HIGHLANDS BIOLOGICAL STATION
Field Notes from 2025: Monitoring Bats in a Changing Appalachia
This year, Research Assistant Adriana Kirk has been part of a collaborative effort led by Dr. Rada Petric to monitor abandoned mines and cave systems throughout the Nantahala National Forest for hibernating bats. Her reflection below captures the challenges, discoveries, and moments of hope that shaped her 2025 field season—from long days in the woods with student interns and Forest Service partners to the thrill of documenting rare tricolored bats deep underground.
“As I reflect on the past year as a Research Assistant at Highlands Biological Station, my thoughts keep circling back to one project in particular—and to the opportunities, lessons, and collaborations it has offered. Under the guidance of Dr. Rada Petric, I’ve spent the year monitoring 13 abandoned mine and cave sites for bat activity, primarily throughout the Nantahala National Forest.
A few recent days in the field seem to capture the collaborative spirit that has defined this work, which has become deeply meaningful to me over the past 12 months. Just last week, I found myself walking familiar ground on the outskirts of Franklin, NC. On that Thursday, our field team included Dr. Petric’s UNC–Chapel Hill graduate student Cameron McClellan, undergraduate student interns Addie Melton and Savannah Carter, U.S. Forest Service Wildlife Biologist Johnny Wills, and a cheerful neighborhood dog who escorted us all the way to the site.
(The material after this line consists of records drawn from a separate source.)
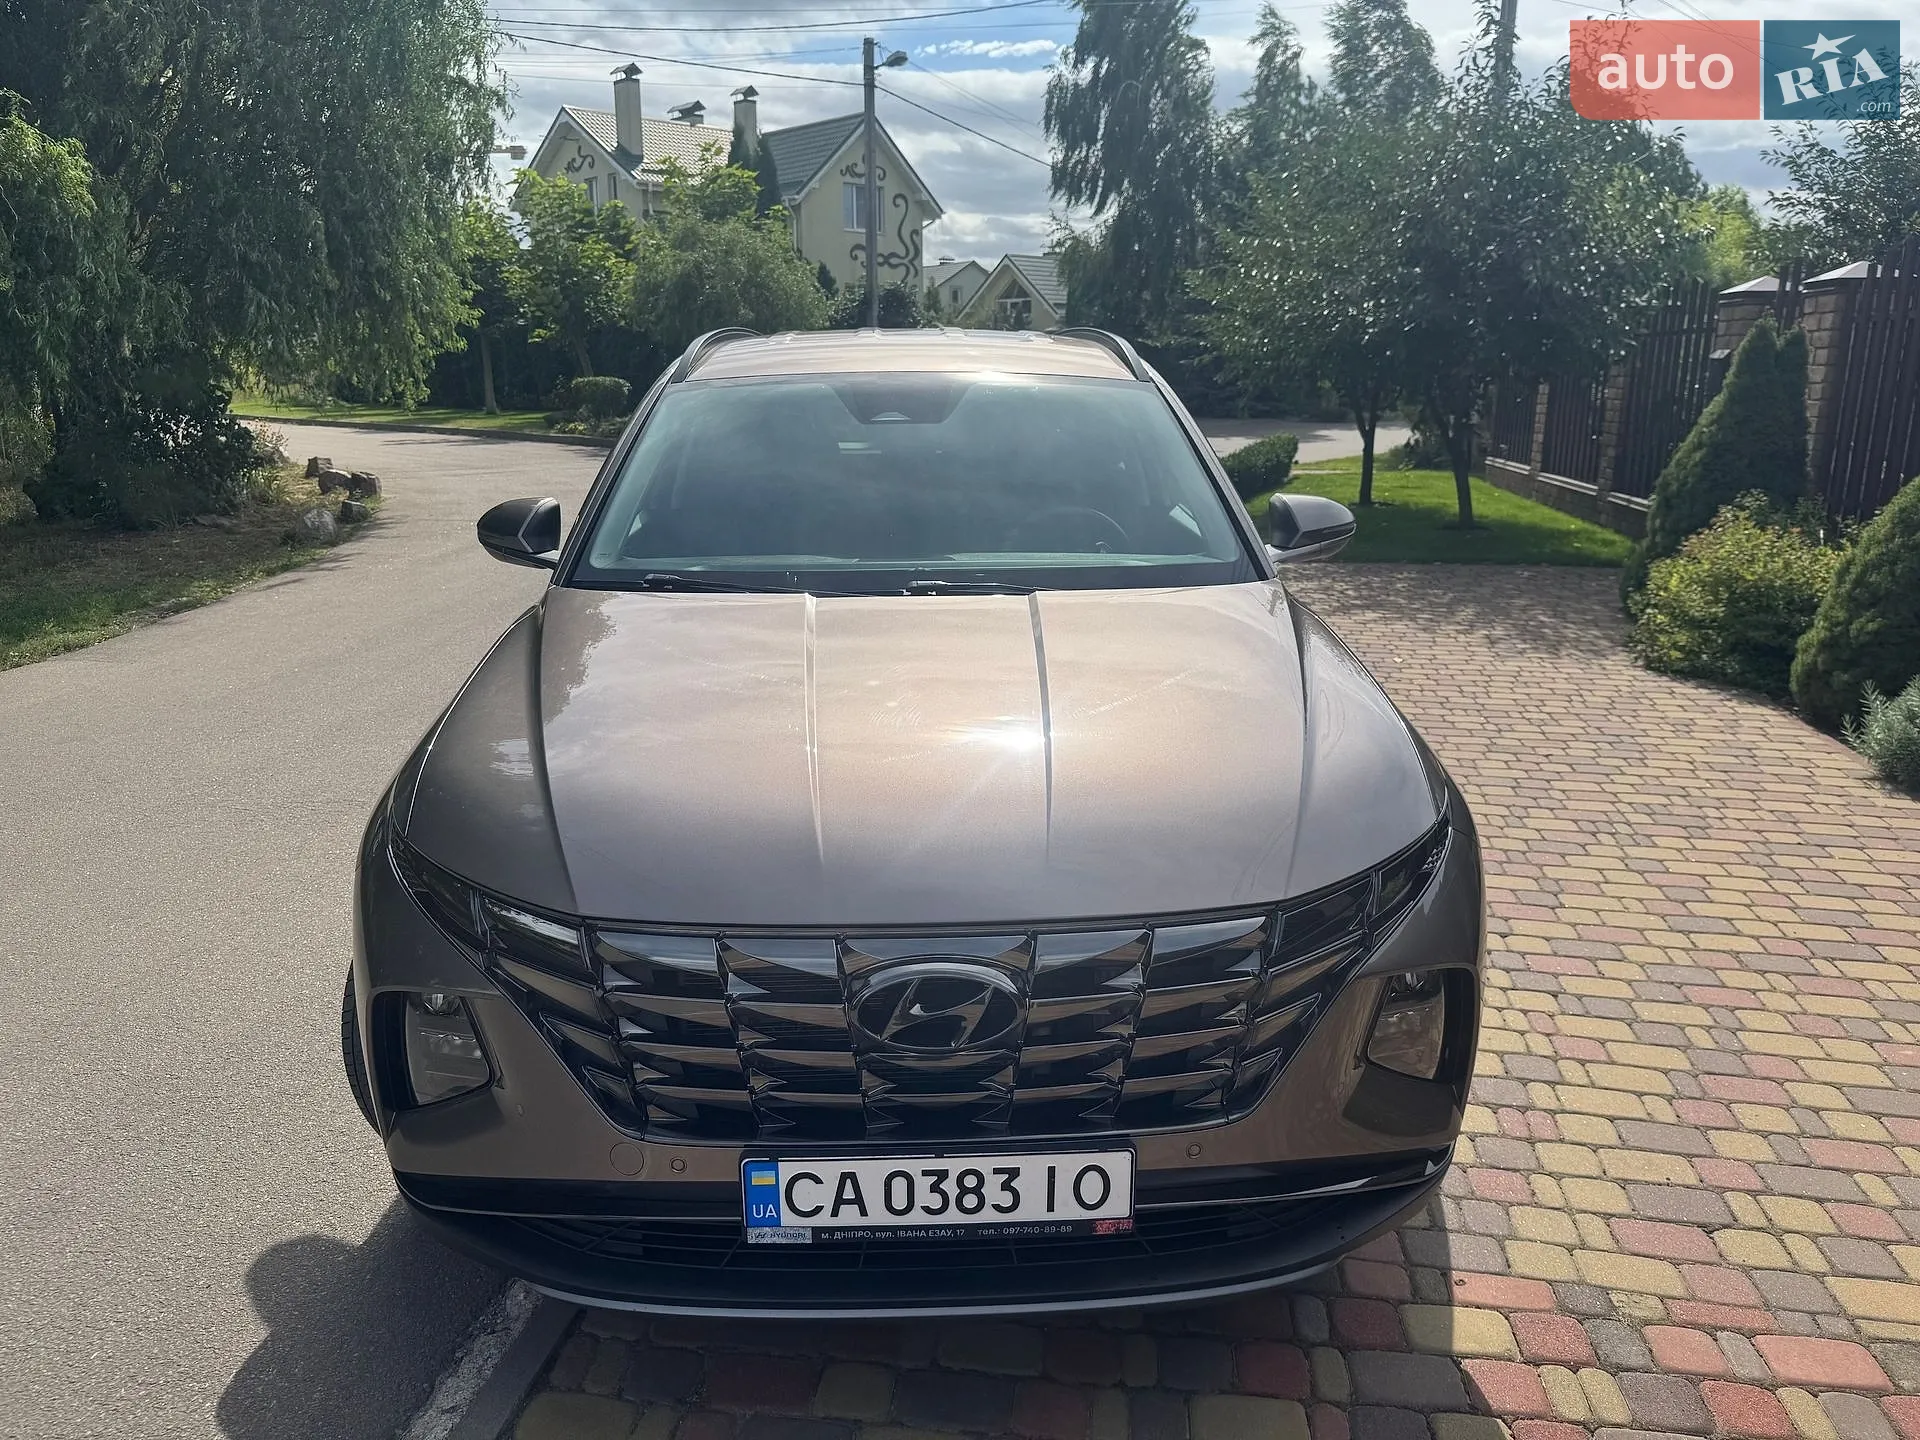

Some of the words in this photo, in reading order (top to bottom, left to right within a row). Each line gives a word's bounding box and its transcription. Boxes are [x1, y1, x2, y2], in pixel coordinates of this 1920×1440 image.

[784, 1171, 869, 1218] CA
[884, 1167, 1021, 1216] 0383
[1046, 1164, 1111, 1213] IO
[752, 1204, 778, 1218] UA
[956, 1229, 965, 1237] 17
We dropped into the woods from a steep Forest Service road, our canine companion leading the way. Mica-flecked quartz glinted along the path—our first clue that we were nearing the mine opening. After a short hike, we reached the gated entrance of an abandoned mica mine. Over the next hour, we checked ultrasonic bat detectors, programmed trail cameras, created a LiDAR scan of the mine passage, and conducted a geological profile of the site. As we made our way back down the road—after a quick game of fetch, of course—we chatted excitedly about the hibernating tricolored bats we had seen deep in the cave.
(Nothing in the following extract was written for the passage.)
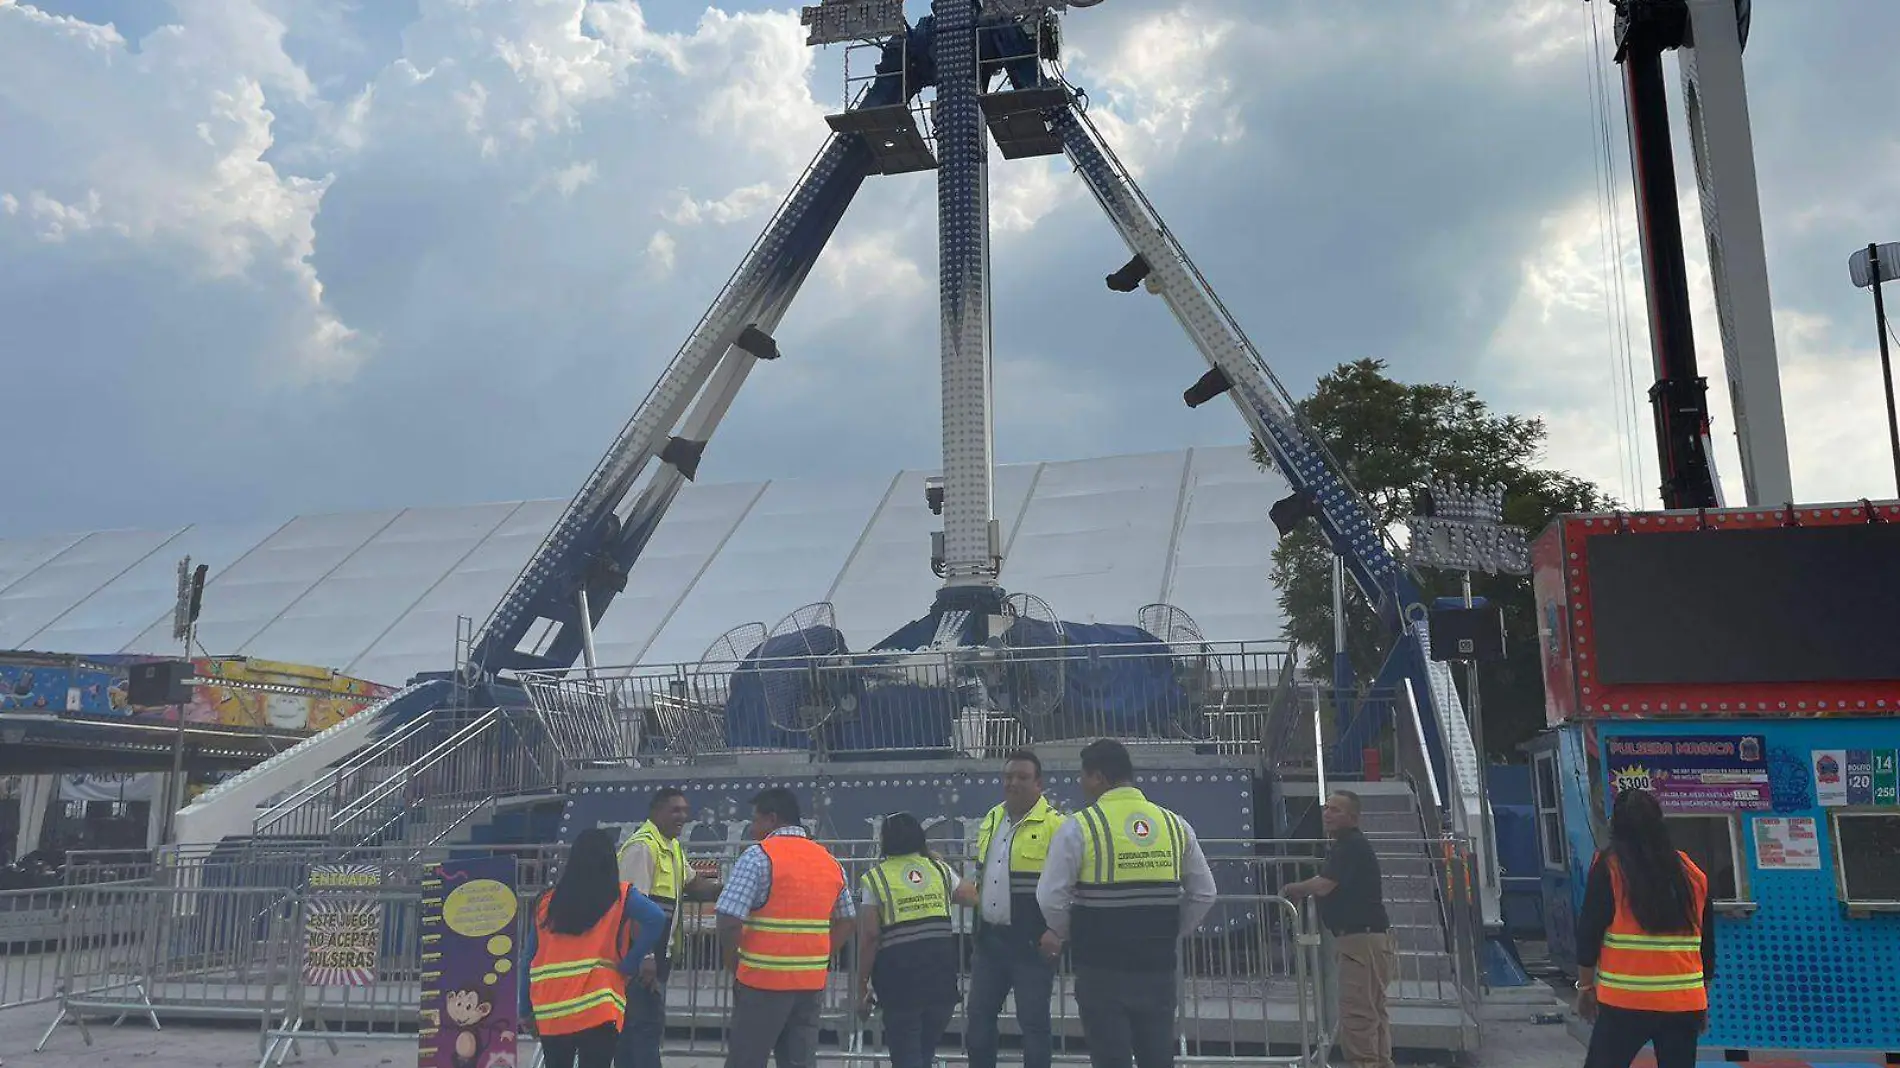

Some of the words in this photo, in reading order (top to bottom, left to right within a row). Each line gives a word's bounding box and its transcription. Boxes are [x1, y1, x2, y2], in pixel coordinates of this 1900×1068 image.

While I’m grateful to say that days like this have been plentiful, the work is often sobering. White-nose syndrome—a fungal disease that has caused devastating population declines in 90% of North America’s bat species—shadows every day spent in the field and every hour spent analyzing data in the lab. It’s the reality that drives our research and underscores its urgency.
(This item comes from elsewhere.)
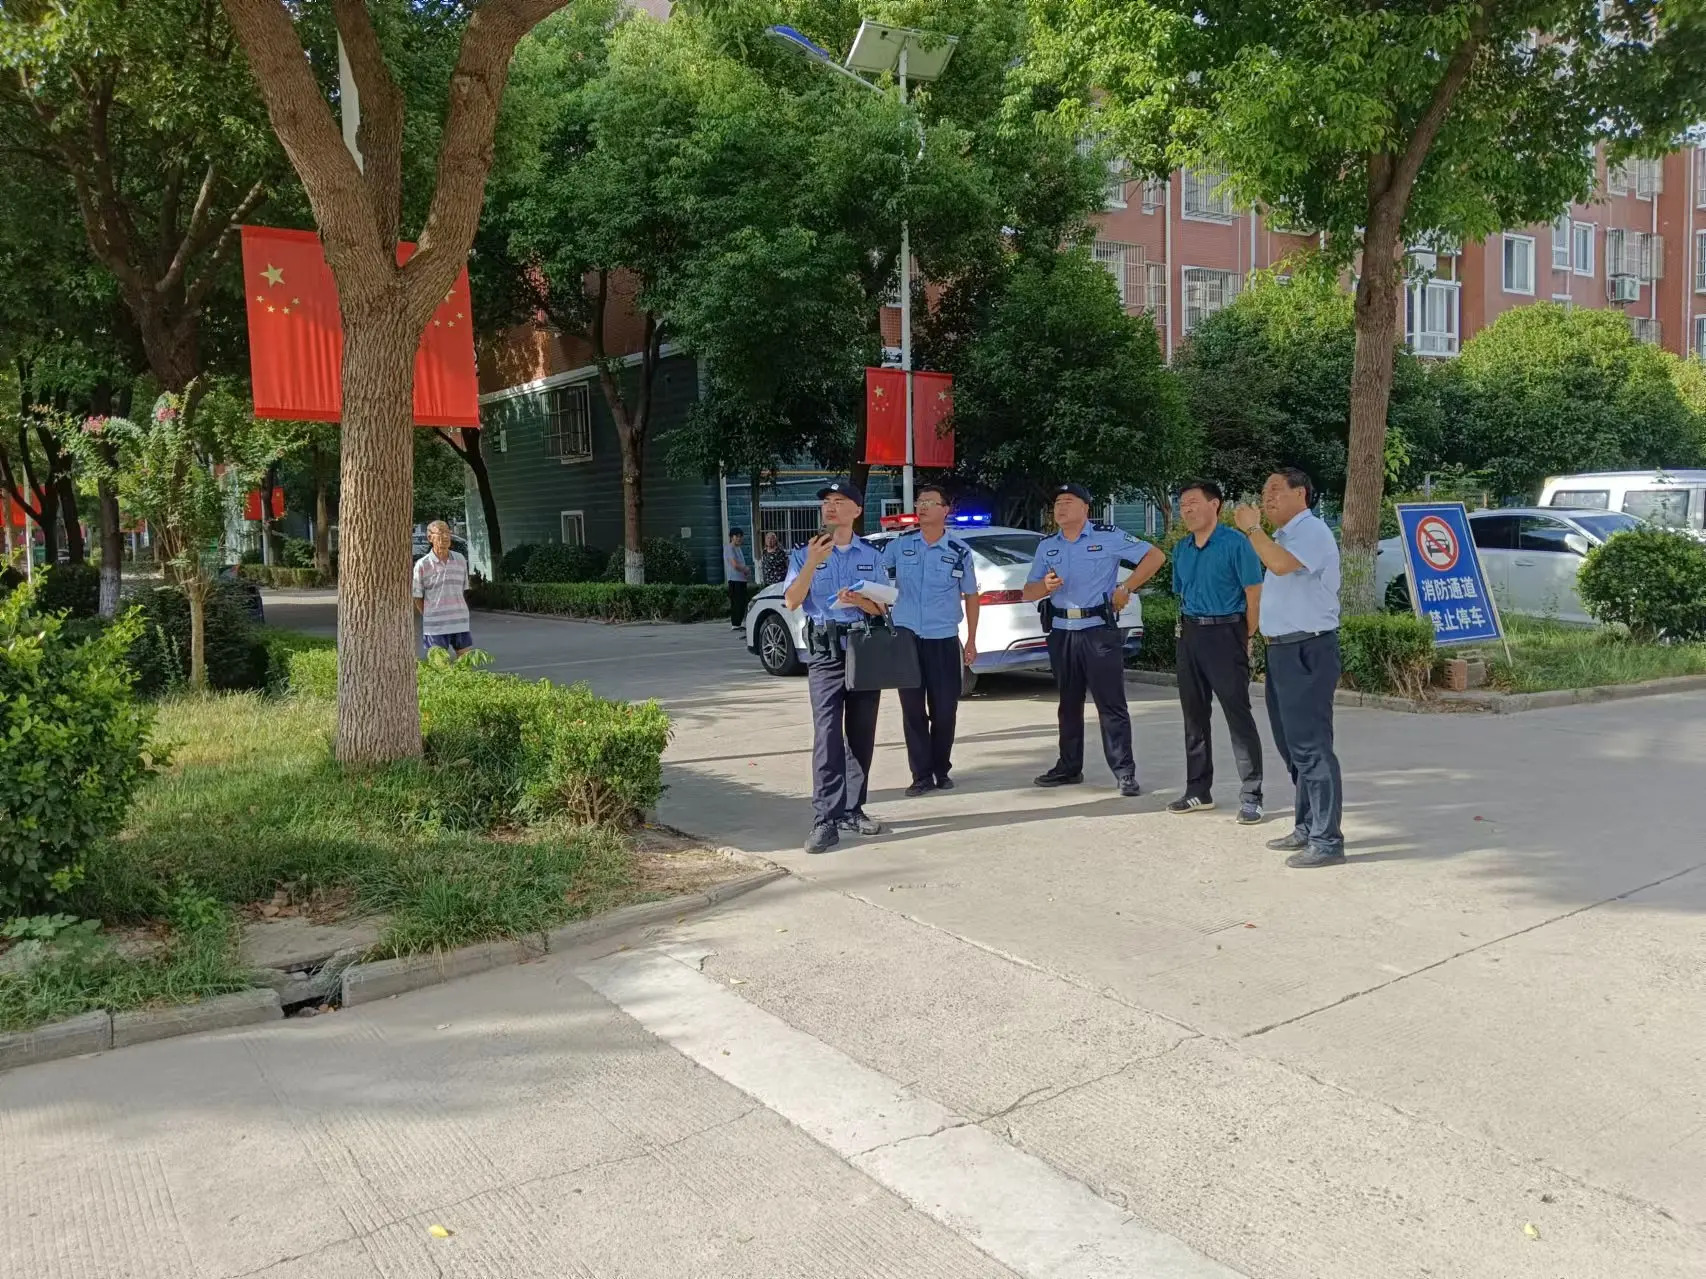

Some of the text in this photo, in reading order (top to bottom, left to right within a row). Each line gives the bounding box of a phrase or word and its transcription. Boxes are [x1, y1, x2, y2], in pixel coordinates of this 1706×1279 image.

[1421, 576, 1478, 602] 消防通道
[1429, 605, 1486, 632] 禁止停车
But like all conservation work, small wins are everything. Just one day after our field excursion with Johnny, we discovered 27 hibernating tricolored bats at another abandoned mine site—significantly more than we had ever recorded in the two years we’ve monitored the site.
It’s days like these—filled with hope, collaboration, and genuine excitement about the work we’re doing—that define my 2025 at Highlands Biological Station.”
– Adriana Kirk, Highlands Biological Station Research Assistant
Two tricolored bat huddled together in an area mine.
Addie Melton and Savannah Carter observing hibernating bats in one of our mine sites.